Saved data entries:
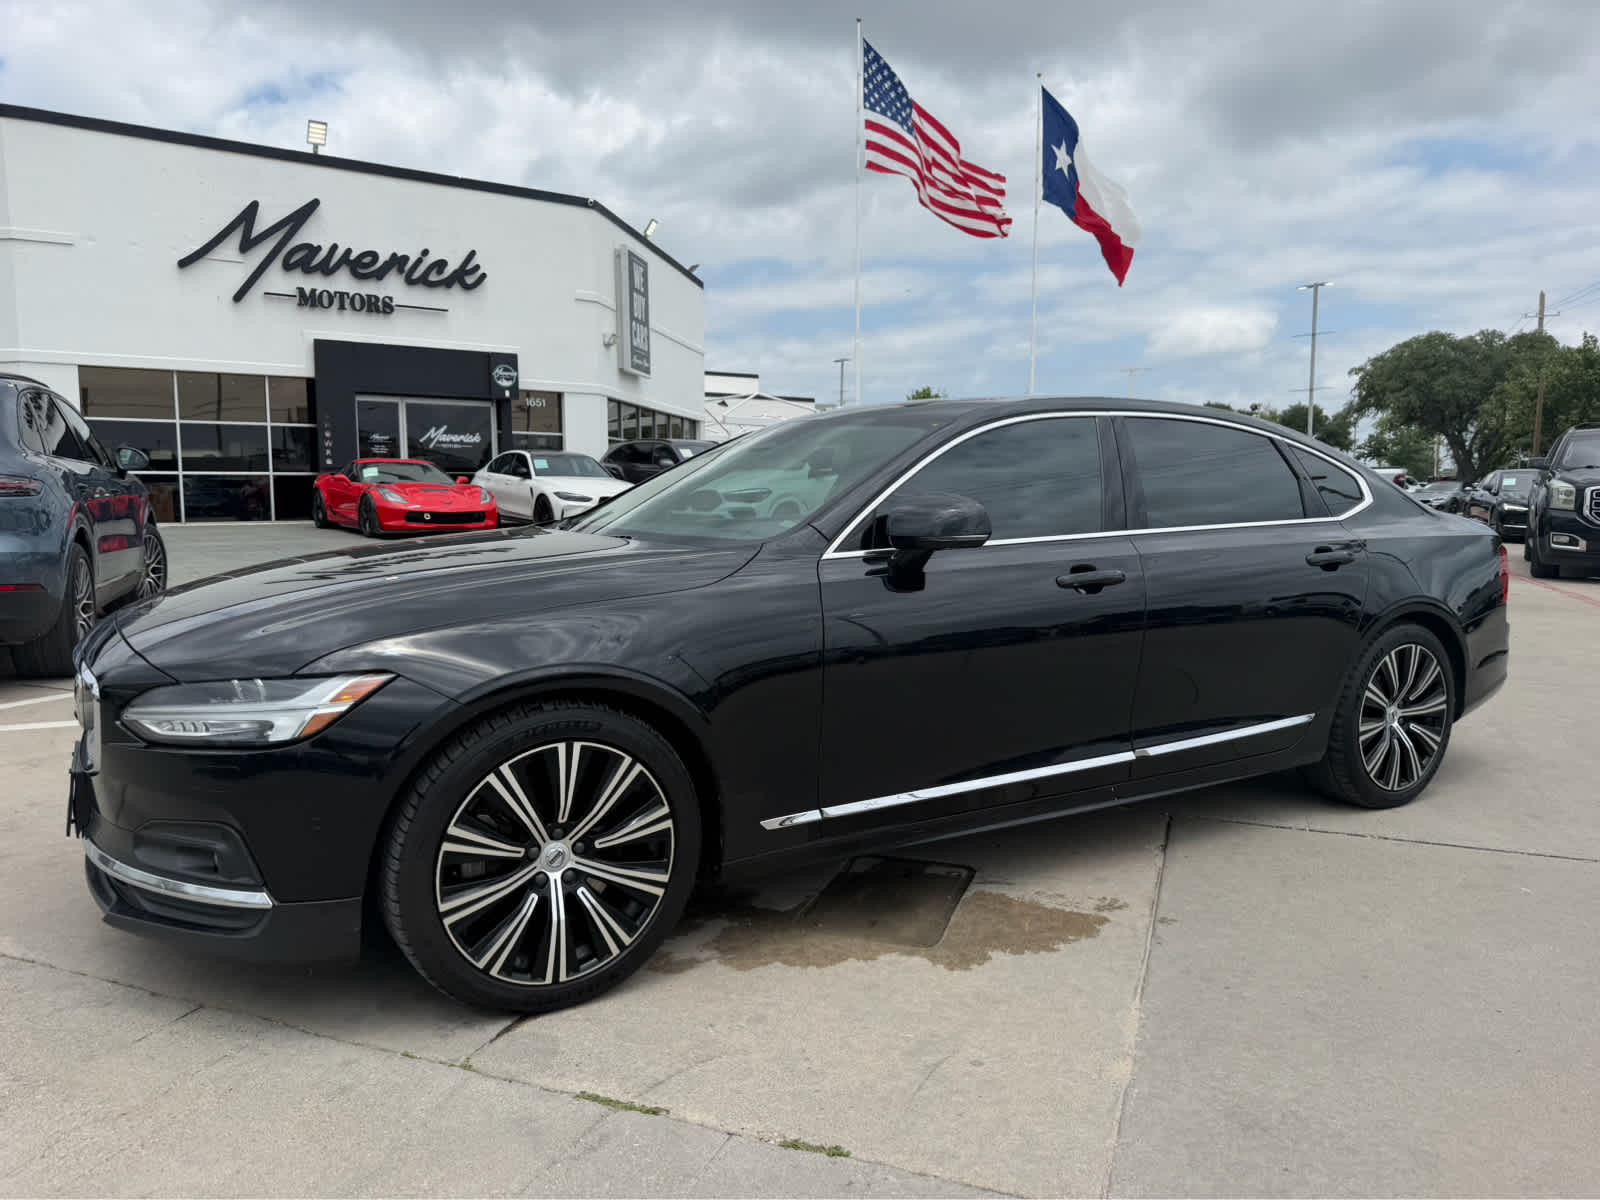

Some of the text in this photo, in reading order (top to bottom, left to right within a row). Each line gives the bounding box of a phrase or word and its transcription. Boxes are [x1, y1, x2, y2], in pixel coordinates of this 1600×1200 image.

[177, 197, 487, 303] Maverick
[296, 287, 394, 315] MOTORS
[526, 397, 546, 408] 1651
[419, 424, 482, 449] Maverick
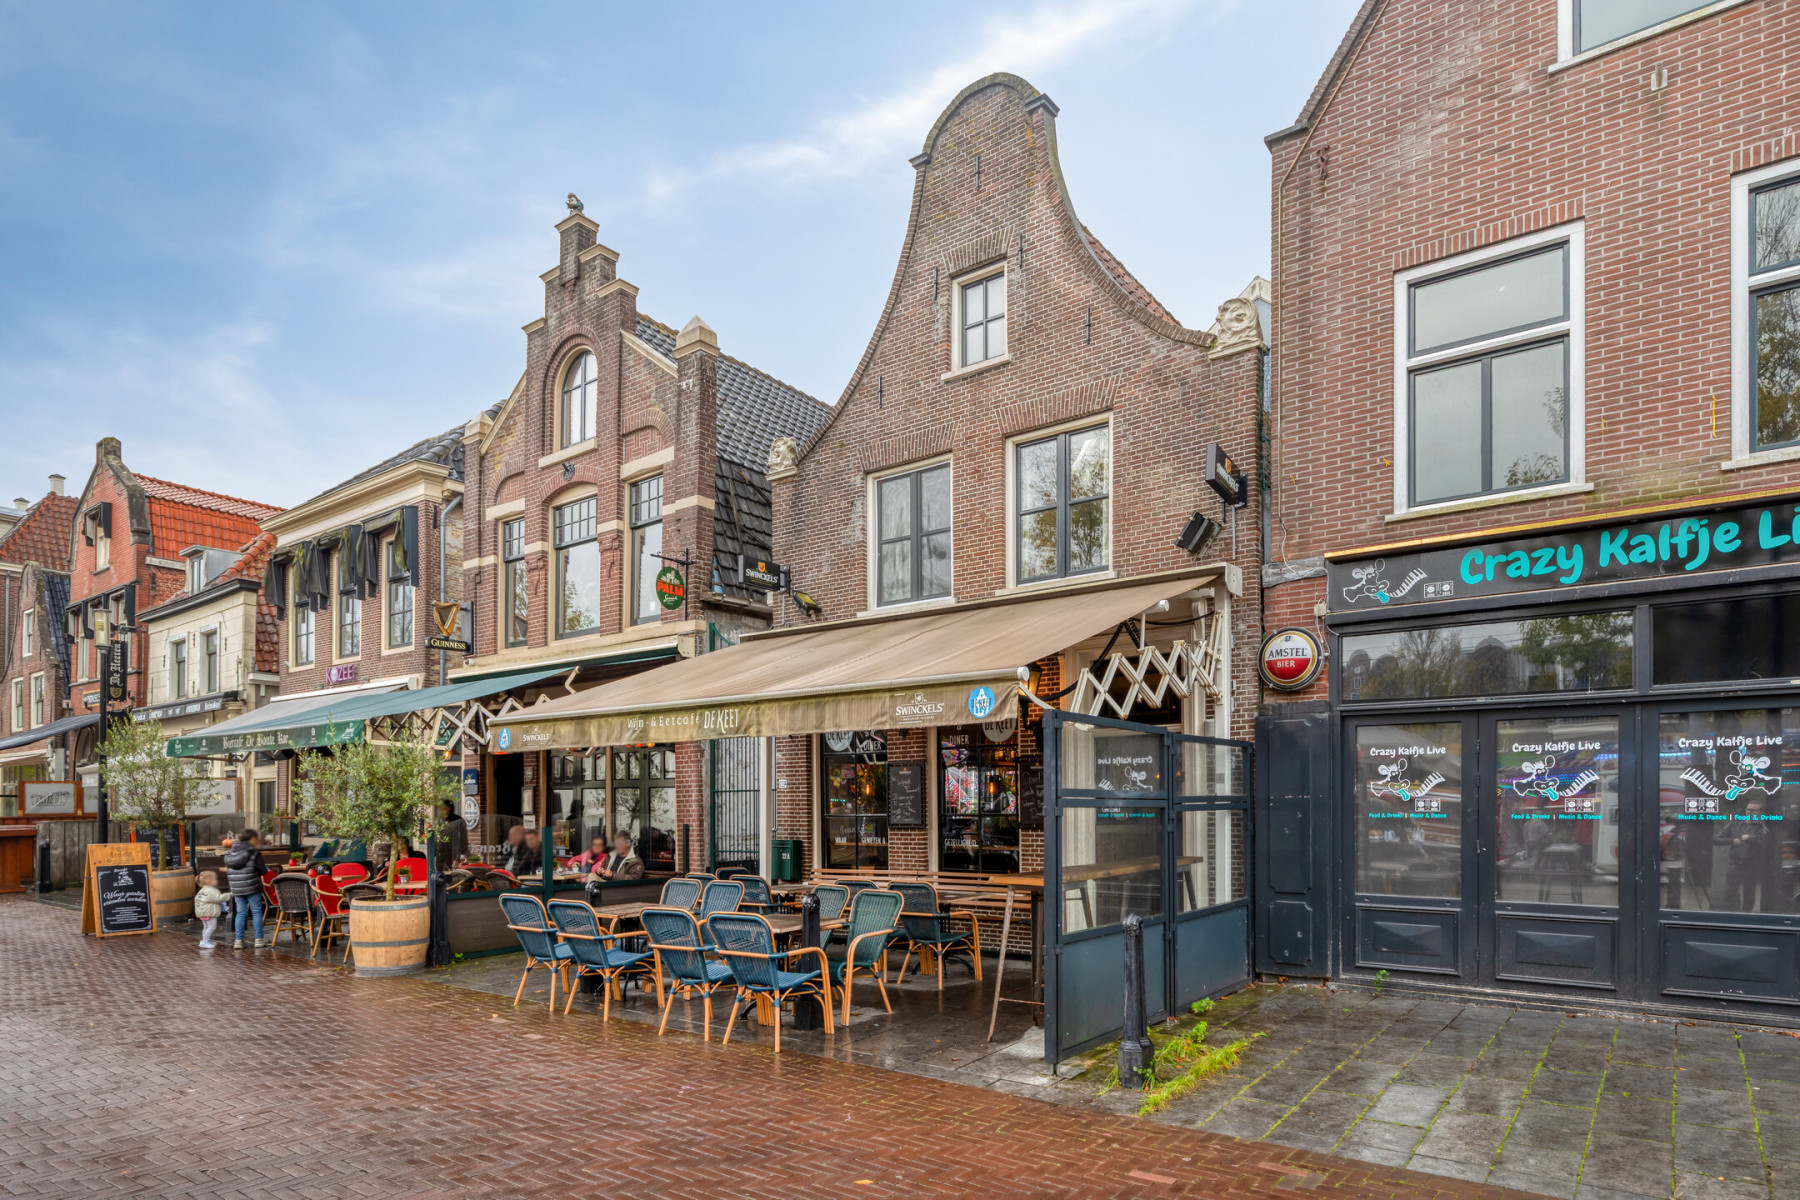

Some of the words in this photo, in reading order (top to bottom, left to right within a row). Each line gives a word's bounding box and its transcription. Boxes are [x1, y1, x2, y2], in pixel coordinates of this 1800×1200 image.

▶ [Your assignment] Omit every picture while printing the data word for word.

▶ [Result of this task]
Some of the text in this photo, in reading order (top to bottom, left to right within a row). Each line gives the bounding box of a phrase or word and its transcription. Boxes are [x1, y1, x2, y2], in pixel coordinates of this 1600×1200 image.

[177, 197, 487, 303] Maverick
[296, 287, 394, 315] MOTORS
[526, 397, 546, 408] 1651
[419, 424, 482, 449] Maverick

Some of the words in this photo, in reading order (top to bottom, left to right within a row). Each line gives a word's bounding box and its transcription. Boxes are [x1, y1, x2, y2], in pixel coordinates of this 1800×1200 image.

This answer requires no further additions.